When around others, we either feel normal, comfortable, and safe. Or we do not. We don’t engage with people who criticize us. Suffocate us. Emotionally bombard us. Nor do we allow others to take advantage of us.
Healthy boundaries set the groundwork for feeling comfortable around others and having satisfying give-and-take relationships.
With unhealthy boundaries, we are often frustrated and disappointed in our communications with others, as well as in our relationships in general.
Unhealthy boundaries are either too closed or too wide open.
People with healthy boundaries are confident and well-balanced. They know themselves. And who or what they can deal with – without negative repercussions.
Healthy boundaries act as sort of a protection mechanism, although confident and well-balanced people don’t really need protection. Their confidence and sense of self guide them to make good choices.

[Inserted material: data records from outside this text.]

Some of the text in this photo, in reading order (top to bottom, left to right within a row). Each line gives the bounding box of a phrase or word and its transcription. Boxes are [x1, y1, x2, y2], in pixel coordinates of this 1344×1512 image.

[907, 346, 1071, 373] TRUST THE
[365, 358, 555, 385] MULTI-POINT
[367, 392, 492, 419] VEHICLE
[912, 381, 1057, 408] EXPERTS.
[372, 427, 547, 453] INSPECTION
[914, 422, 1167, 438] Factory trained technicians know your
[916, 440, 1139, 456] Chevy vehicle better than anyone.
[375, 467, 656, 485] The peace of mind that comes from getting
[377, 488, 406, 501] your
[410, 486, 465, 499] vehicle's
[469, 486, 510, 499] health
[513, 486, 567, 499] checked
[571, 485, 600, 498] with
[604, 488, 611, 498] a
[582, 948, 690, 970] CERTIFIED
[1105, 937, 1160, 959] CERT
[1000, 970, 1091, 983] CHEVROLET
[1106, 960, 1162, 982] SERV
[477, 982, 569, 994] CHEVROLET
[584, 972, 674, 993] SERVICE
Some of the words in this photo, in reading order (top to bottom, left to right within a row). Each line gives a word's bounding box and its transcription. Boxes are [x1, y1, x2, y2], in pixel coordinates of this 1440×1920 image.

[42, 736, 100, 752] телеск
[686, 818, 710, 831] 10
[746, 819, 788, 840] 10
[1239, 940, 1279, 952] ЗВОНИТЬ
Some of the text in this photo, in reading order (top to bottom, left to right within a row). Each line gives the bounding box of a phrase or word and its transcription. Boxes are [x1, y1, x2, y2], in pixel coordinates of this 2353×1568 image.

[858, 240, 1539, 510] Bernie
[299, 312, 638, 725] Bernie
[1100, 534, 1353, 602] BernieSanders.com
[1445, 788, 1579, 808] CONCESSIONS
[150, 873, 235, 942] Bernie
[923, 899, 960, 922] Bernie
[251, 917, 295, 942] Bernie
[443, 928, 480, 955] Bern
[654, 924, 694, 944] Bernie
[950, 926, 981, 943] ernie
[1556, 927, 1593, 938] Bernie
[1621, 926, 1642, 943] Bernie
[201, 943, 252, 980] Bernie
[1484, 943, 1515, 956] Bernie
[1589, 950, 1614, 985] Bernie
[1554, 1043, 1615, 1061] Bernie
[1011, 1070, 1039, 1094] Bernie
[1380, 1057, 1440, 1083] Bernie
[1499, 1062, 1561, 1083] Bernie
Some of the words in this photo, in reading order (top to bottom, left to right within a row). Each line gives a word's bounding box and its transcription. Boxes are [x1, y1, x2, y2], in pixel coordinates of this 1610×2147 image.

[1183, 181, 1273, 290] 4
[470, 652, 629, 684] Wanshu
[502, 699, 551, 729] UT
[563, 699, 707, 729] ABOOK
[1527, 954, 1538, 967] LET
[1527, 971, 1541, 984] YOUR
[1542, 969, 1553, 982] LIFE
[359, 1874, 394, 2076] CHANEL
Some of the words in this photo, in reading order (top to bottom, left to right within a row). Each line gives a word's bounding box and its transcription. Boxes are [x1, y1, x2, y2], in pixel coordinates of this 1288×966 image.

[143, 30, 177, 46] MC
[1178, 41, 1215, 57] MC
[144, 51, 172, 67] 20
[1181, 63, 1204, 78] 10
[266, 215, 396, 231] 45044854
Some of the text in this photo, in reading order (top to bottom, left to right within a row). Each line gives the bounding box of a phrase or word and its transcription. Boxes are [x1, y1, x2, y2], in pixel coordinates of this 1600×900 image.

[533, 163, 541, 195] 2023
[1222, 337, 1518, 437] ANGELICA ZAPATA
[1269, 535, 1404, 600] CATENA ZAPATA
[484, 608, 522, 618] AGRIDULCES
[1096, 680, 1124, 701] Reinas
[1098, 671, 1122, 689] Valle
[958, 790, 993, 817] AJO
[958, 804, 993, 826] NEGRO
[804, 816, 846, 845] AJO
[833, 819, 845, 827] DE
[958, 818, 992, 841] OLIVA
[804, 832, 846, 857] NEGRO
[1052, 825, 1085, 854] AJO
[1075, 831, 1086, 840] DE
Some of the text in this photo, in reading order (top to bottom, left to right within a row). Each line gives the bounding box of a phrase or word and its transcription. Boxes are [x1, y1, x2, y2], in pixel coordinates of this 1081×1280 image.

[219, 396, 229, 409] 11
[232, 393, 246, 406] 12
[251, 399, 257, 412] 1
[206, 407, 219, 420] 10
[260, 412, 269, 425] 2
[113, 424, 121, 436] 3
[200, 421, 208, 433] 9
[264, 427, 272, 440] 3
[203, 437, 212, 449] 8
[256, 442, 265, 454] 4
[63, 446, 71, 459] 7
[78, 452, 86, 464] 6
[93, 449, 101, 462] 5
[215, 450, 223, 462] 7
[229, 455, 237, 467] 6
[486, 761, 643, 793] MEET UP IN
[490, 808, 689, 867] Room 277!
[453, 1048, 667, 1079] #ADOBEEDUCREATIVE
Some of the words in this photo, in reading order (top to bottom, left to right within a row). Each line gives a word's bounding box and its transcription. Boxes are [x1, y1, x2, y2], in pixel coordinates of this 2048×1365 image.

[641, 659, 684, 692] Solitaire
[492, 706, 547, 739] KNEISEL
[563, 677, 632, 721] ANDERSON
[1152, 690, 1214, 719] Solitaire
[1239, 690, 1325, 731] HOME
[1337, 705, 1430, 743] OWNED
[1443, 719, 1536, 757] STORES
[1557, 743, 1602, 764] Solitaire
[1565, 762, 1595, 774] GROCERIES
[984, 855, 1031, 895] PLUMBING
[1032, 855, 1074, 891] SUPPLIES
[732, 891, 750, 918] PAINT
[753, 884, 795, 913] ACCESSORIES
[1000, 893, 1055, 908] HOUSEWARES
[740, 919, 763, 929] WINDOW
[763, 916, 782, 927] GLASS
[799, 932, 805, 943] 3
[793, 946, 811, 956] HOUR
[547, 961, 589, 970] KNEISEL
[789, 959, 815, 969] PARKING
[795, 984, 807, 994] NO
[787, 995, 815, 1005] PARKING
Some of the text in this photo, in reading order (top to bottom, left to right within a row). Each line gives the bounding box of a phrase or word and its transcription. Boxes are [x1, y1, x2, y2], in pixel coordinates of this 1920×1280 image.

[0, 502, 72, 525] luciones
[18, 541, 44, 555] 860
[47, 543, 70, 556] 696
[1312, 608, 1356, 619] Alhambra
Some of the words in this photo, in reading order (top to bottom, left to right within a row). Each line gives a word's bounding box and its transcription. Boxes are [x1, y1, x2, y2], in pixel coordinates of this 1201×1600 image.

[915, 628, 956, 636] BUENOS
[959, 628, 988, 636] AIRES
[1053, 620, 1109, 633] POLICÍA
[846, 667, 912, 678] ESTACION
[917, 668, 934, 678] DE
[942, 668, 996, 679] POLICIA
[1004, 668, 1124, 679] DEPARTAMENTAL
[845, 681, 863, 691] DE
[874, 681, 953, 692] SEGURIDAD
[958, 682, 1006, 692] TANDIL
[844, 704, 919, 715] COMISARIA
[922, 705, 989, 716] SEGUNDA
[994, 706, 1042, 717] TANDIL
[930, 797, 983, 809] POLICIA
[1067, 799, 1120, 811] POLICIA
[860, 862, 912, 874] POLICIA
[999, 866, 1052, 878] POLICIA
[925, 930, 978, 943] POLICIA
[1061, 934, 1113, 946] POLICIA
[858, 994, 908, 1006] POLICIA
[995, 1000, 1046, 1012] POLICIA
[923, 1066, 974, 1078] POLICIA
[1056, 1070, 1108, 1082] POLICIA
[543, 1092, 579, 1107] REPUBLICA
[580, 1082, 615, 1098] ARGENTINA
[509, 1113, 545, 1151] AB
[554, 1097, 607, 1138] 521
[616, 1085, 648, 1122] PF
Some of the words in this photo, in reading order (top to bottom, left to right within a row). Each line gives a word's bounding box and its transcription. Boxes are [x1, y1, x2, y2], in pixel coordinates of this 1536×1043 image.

We All Handle Life and Stress Differently
We all have different energy levels, emotional strengths, abilities to handle change and stress, tendency and capacity to give, and response levels to those in need – emotionally or physically. For many of us, much of this has recently been taxed. I think we all feel the need for a nice long vacation.😎
At the same time, there is way more need around us than ever before. We have all been thrown for a loop, and we have all reacted in different ways.
Some of us have been greatly affected, while others of us have taken it all more in stride. And some of us have even appreciated the extra quiet time.
If we have been affected, we must ensure we remain healthy and emotionally balanced – even if that means reigning in activities or commitments to others.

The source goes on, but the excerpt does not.